Justin Mazzulla

Ottawa Blackjacks
- Position: Head coach
- League: CEBL

Career information
- High school: Bishop Hendricken (Warwick, Rhode Island)
- College: George Washington (2017–2019); Vermont (2020–2022);
- NBA draft: 2022: undrafted

Career history

Coaching
- 2026–present: Ottawa Blackjacks

= Justin Mazzulla =

American basketball coach

Justin Mazzulla is an American professional basketball coach and former basketball player who currently serves as the head coach of the Ottawa Blackjacks in the Canadian Elite Basketball League.

==Early life==
Mazzulla is a native of Johnston, Rhode Island and attended high school at Bishop Hendricken High School. His older brother is Joe Mazzulla, currently the head coach of the Boston Celtics. He is the son of Dan and Latresa Mazzulla. His father Dan Mazzulla was a former basketball player and coach.
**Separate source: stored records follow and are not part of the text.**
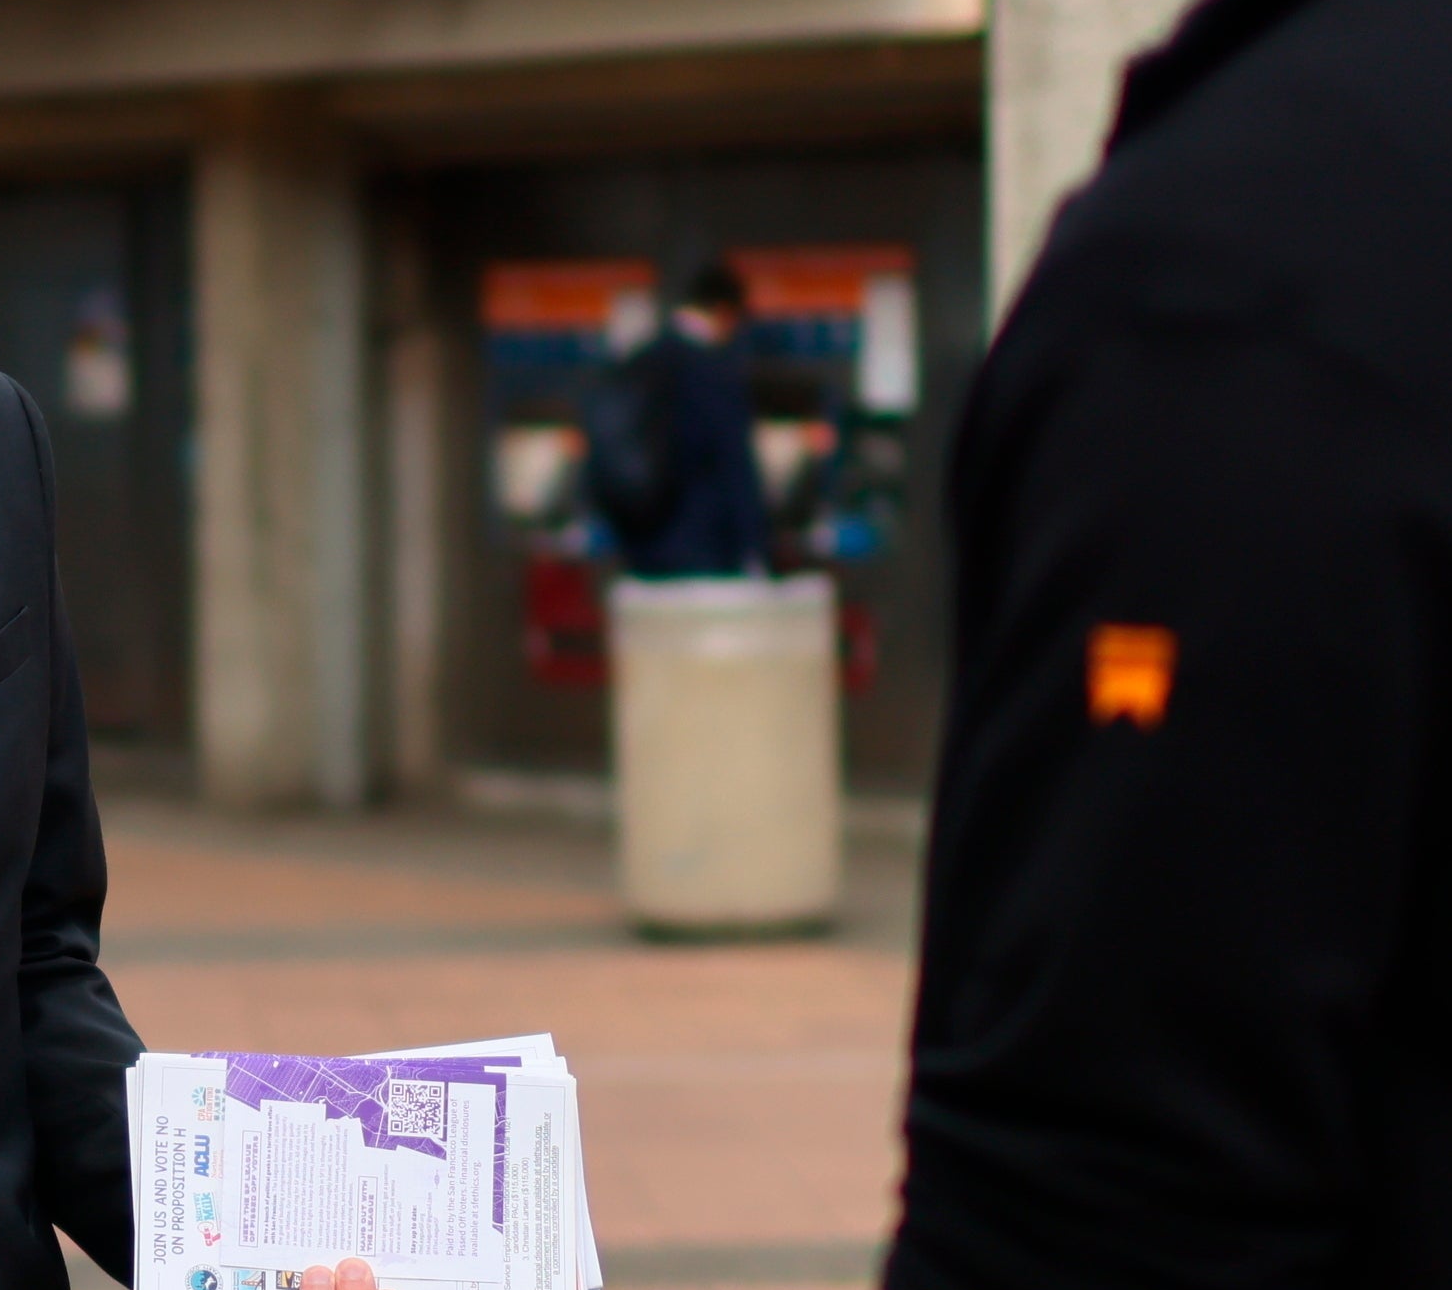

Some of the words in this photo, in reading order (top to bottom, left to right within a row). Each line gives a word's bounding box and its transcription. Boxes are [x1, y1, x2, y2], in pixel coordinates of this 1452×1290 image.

[449, 1098, 458, 1107] of
[155, 1115, 168, 1134] NO
[197, 1108, 205, 1121] CPA
[449, 1108, 459, 1137] League
[460, 1100, 469, 1145] disclosures
[172, 1128, 186, 1137] H
[154, 1140, 168, 1173] VOTE
[193, 1133, 210, 1178] ACLU
[447, 1140, 456, 1178] Francisco
[459, 1147, 468, 1184] Financial
[542, 1163, 550, 1173] by
[154, 1178, 167, 1205] AND
[171, 1142, 186, 1230] PROPOSITION
[447, 1180, 455, 1195] San
[551, 1188, 559, 1196] by
[199, 1191, 214, 1221] Milk
[446, 1197, 455, 1210] the
[459, 1187, 467, 1214] Voters.
[521, 1196, 529, 1220] Larsen
[153, 1210, 167, 1228] US
[446, 1212, 456, 1222] by
[458, 1216, 466, 1228] Off
[470, 1209, 478, 1218] at
[411, 1230, 417, 1238] up
[446, 1224, 454, 1236] for
[469, 1220, 478, 1257] available
[511, 1220, 519, 1253] candidate
[153, 1233, 166, 1264] JOIN
[170, 1235, 184, 1254] ON
[445, 1238, 454, 1255] Paid
[458, 1230, 466, 1256] Pissed
[504, 1225, 512, 1262] Employees
Both Justin's brother Joe and father Dan were star players in their playing days, with Joe being a top player at Bishop Hendricken and in college at the University of West Virginia while Dan played at Johnston Senior High School and Bryant University.

==Playing career==
A 3-star recruit, Mazzulla was ranked as the #408 player nationally and #1 player in Rhode Island in the class of 2017 according to 247Sports, receiving offers from Boston College and George Washington before committing to George Washington.
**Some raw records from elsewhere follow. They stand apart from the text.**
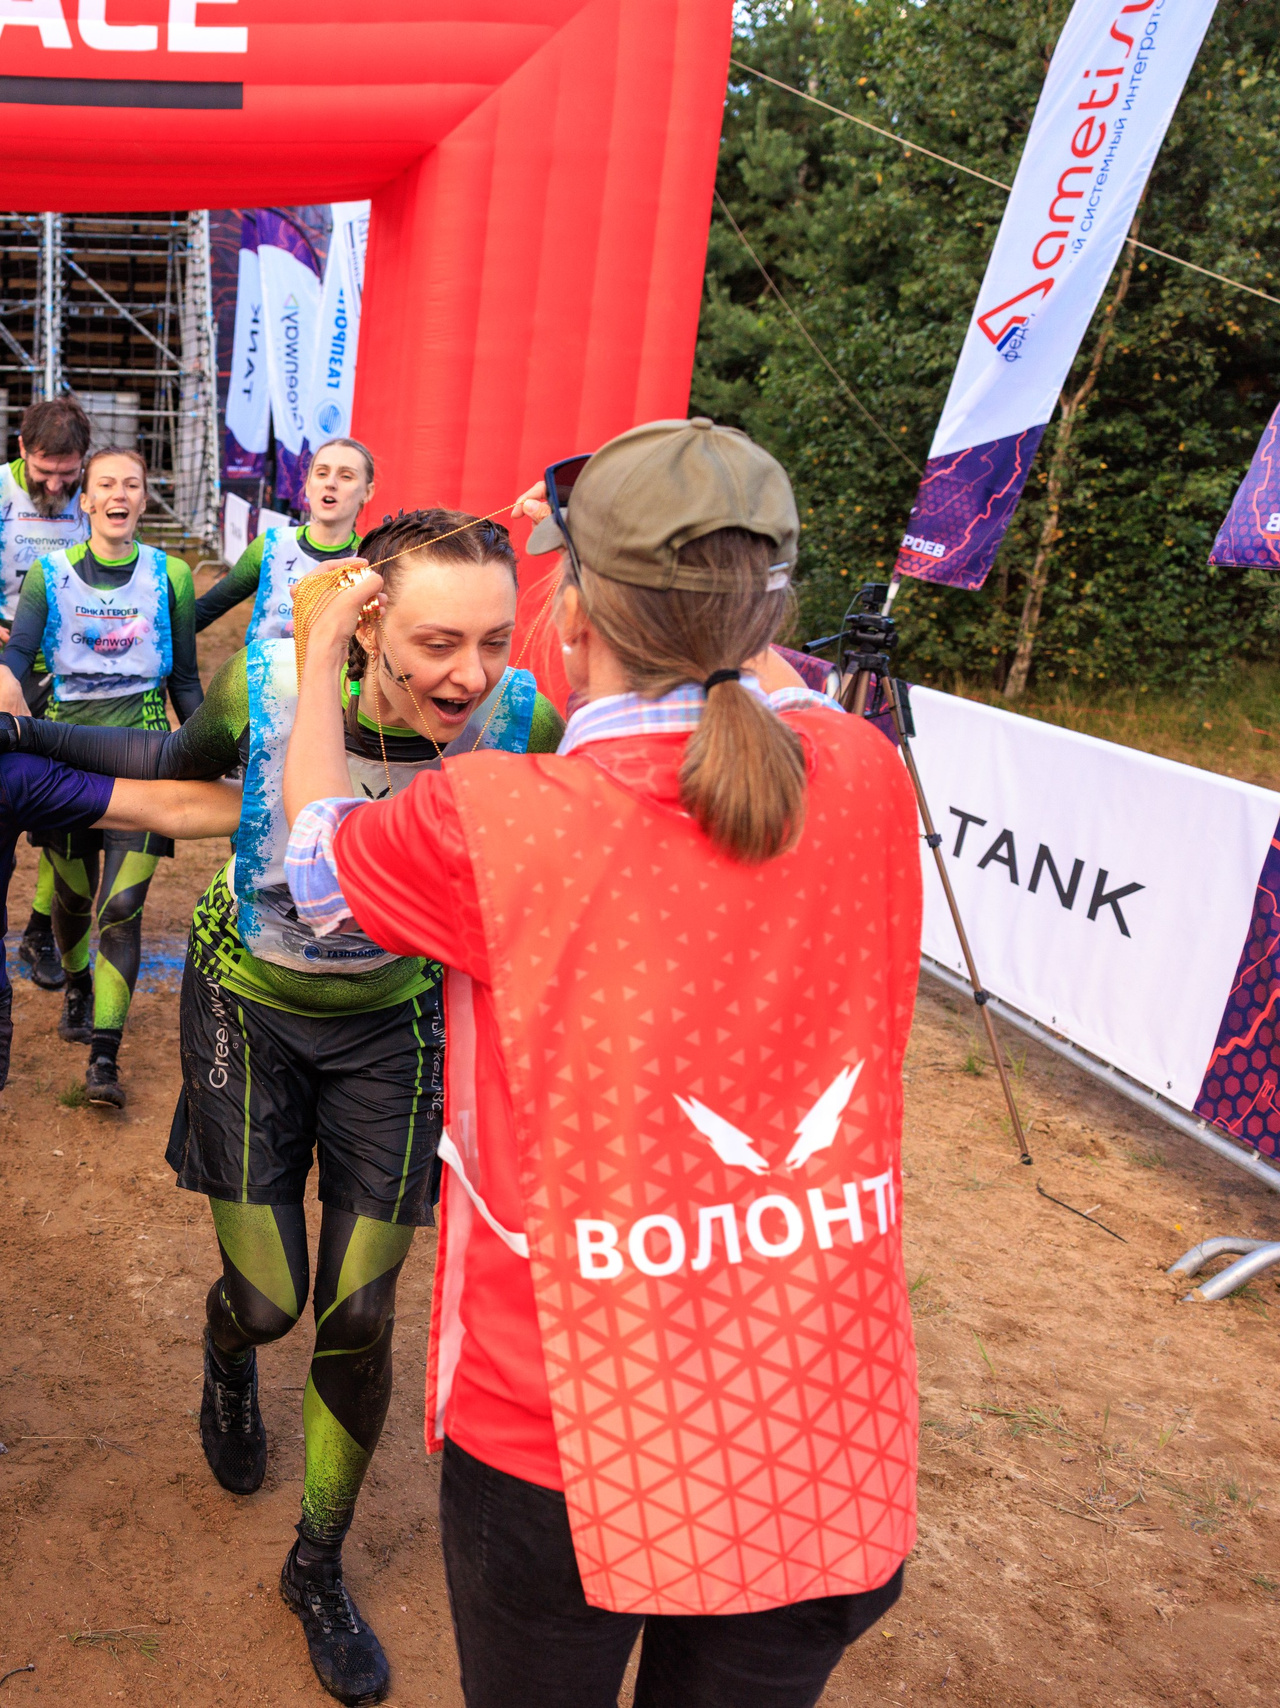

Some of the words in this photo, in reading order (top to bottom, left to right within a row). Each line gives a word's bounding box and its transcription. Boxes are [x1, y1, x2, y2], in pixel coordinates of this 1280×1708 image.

[14, 534, 70, 549] Greenway
[75, 605, 104, 616] ГОНКА
[106, 606, 138, 616] ГЕРОЕВ
[71, 632, 134, 648] Greenway
[948, 805, 1147, 939] TANK
[575, 1171, 896, 1280] ВОЛОНТ
Mazzulla played his first three seasons of college basketball for the George Washington Revolutionaries men's basketball team from 2017 to 2020. On January 31, 2018, during his freshman year, Mazzulla made his first collegiate start in a game against Duquesne. In his sophomore year with the Revolutionaries in the 2018-19 season, Mazzulla averaged a college career-high 8.9 points per game and started all 33 games he played. In two plus years with the Colonials, Mazzulla appeared in 70 games and made 45 starts. On December 29, 2018, Mazzulla scored a then career-high 19 points in a 71-67 win over American University.

In 2020, Mazzulla transferred to the Vermont Catamounts men's basketball team. He played two seasons for the Catamounts in the 2020–21 and 2021-22 seasons, averaging 8.3 points per game in his senior year and 7.5 points per game in his fifth year. On January 17, 2021, Mazzulla recorded a career-high 23 points in an 88-60 win over the University of Maine. In the 2021-2022 season, he was named to the America East Academic Honor Roll.
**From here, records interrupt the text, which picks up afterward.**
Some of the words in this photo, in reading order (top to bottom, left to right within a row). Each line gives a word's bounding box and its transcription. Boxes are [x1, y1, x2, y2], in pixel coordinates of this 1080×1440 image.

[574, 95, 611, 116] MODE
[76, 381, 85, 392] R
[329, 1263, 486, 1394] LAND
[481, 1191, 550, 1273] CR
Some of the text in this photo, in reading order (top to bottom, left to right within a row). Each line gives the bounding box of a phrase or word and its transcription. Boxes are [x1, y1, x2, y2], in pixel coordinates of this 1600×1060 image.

He was a key piece for the 2021-22 Catamounts that finished the season with a 28-6 overall record, an America East regular season title, America East tournament title, and NCAA tournament appearance. Mazzulla played his final collegiate game on March 17, 2022 in the 2022 NCAA Division I men's basketball tournament in Vermont's 75-71 loss to Arkansas.

==Coaching career==
After his playing career, Mazzulla was a graduate assistant at the University of Rhode Island.

Mazzulla has been an assistant video coordinator for the Utah Jazz and an assistant coach and video coordinator for the Salt Lake City Stars.

On January 22, 2026, Mazzulla was named the head coach of the Ottawa BlackJacks. Upon his hiring as BlackJacks head coach, Mazzulla became the youngest head coach in CEBL history at the age of 27 years and 26 days at the time of his hiring.